* _DATA FOR THIS TASK_
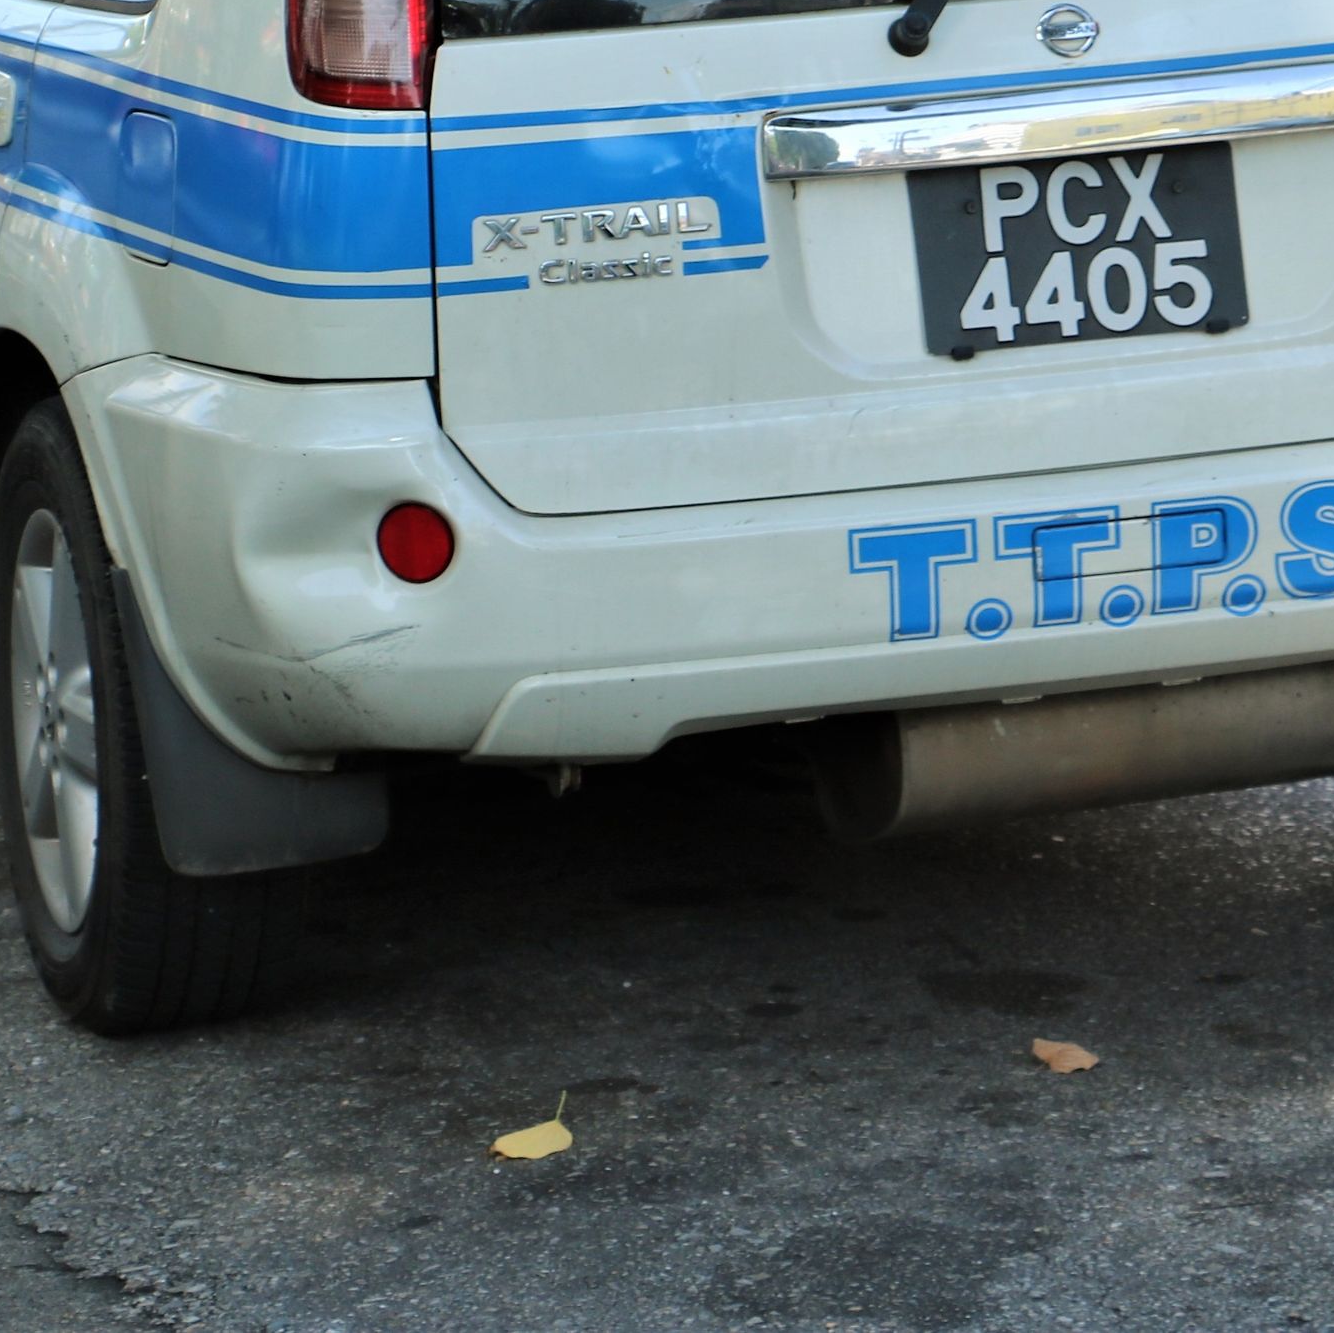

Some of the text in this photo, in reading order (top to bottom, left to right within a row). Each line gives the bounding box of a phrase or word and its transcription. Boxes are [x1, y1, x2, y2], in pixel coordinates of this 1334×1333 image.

[482, 201, 713, 253] X-TRAIL
[979, 153, 1173, 253] PCX
[538, 251, 673, 286] Classic
[960, 239, 1213, 342] 4405
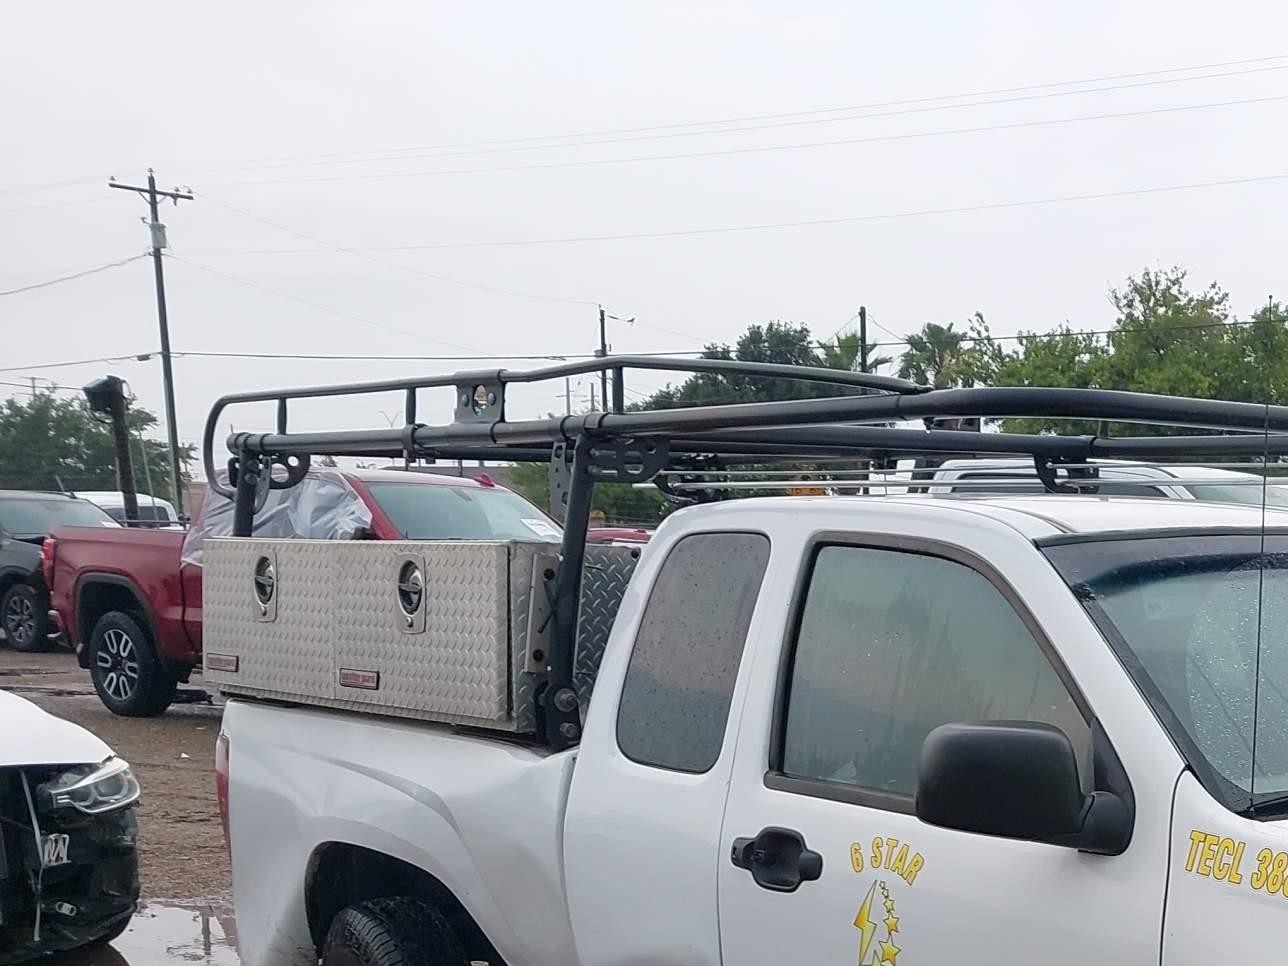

* _WHAT THE TASK REQUIRES_
Write out each entry word for word, images excluded.

* _ANSWER_
Some of the text in this photo, in reading order (top to bottom, left to right within a row). Each line gives the bounding box of a phrase or word and its transcription. Boxes are [x1, y1, x2, y2], in pixel coordinates of this 1334×1333 image.

[482, 201, 713, 253] X-TRAIL
[979, 153, 1173, 253] PCX
[538, 251, 673, 286] Classic
[960, 239, 1213, 342] 4405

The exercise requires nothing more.